= Activity =
Print out each entry below in full, exactly as given, excluding pictures.
* * *
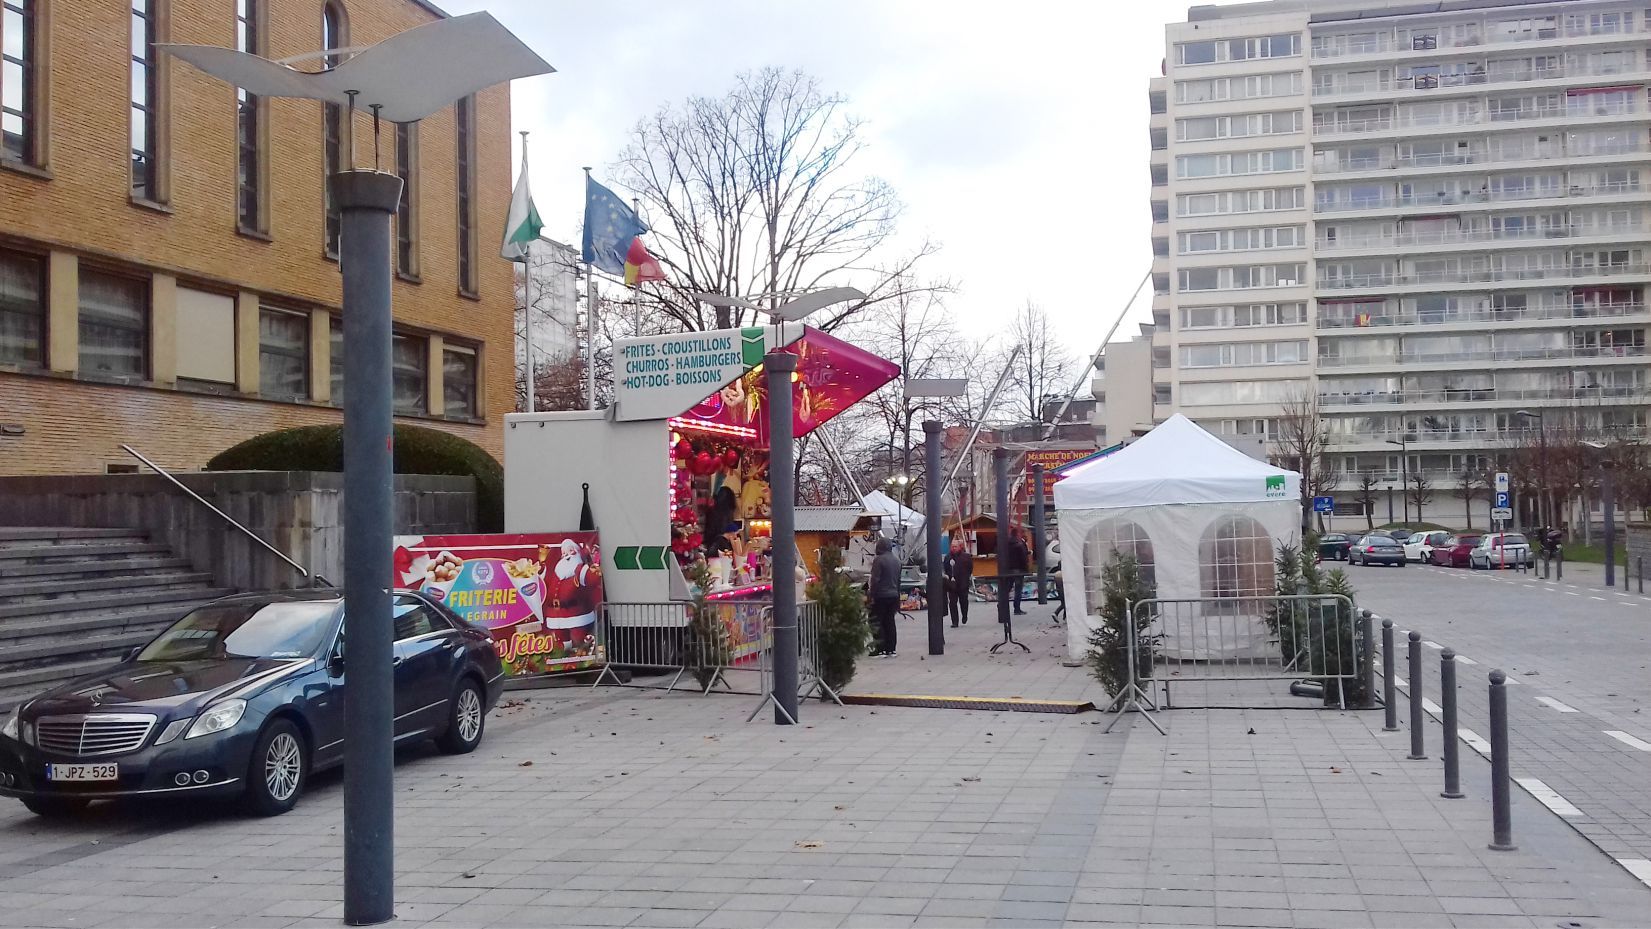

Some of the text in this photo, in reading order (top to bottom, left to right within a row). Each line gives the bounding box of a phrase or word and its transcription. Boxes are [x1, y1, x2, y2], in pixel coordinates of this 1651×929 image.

[625, 337, 732, 358] FRITES CROUSTILLONS
[626, 352, 741, 373] CHURROS HAMBURGERS
[626, 369, 722, 389] HOT-DOG BOISSONS
[449, 588, 518, 608] FRITERIE
* * *
= Result =
Some of the text in this photo, in reading order (top to bottom, left to right within a row). Each line gives the bounding box of a phrase or word and its transcription. Boxes are [x1, y1, x2, y2], in pixel coordinates of this 1651×929 image.

[625, 337, 732, 358] FRITES CROUSTILLONS
[626, 352, 741, 373] CHURROS HAMBURGERS
[626, 369, 722, 389] HOT-DOG BOISSONS
[449, 588, 518, 608] FRITERIE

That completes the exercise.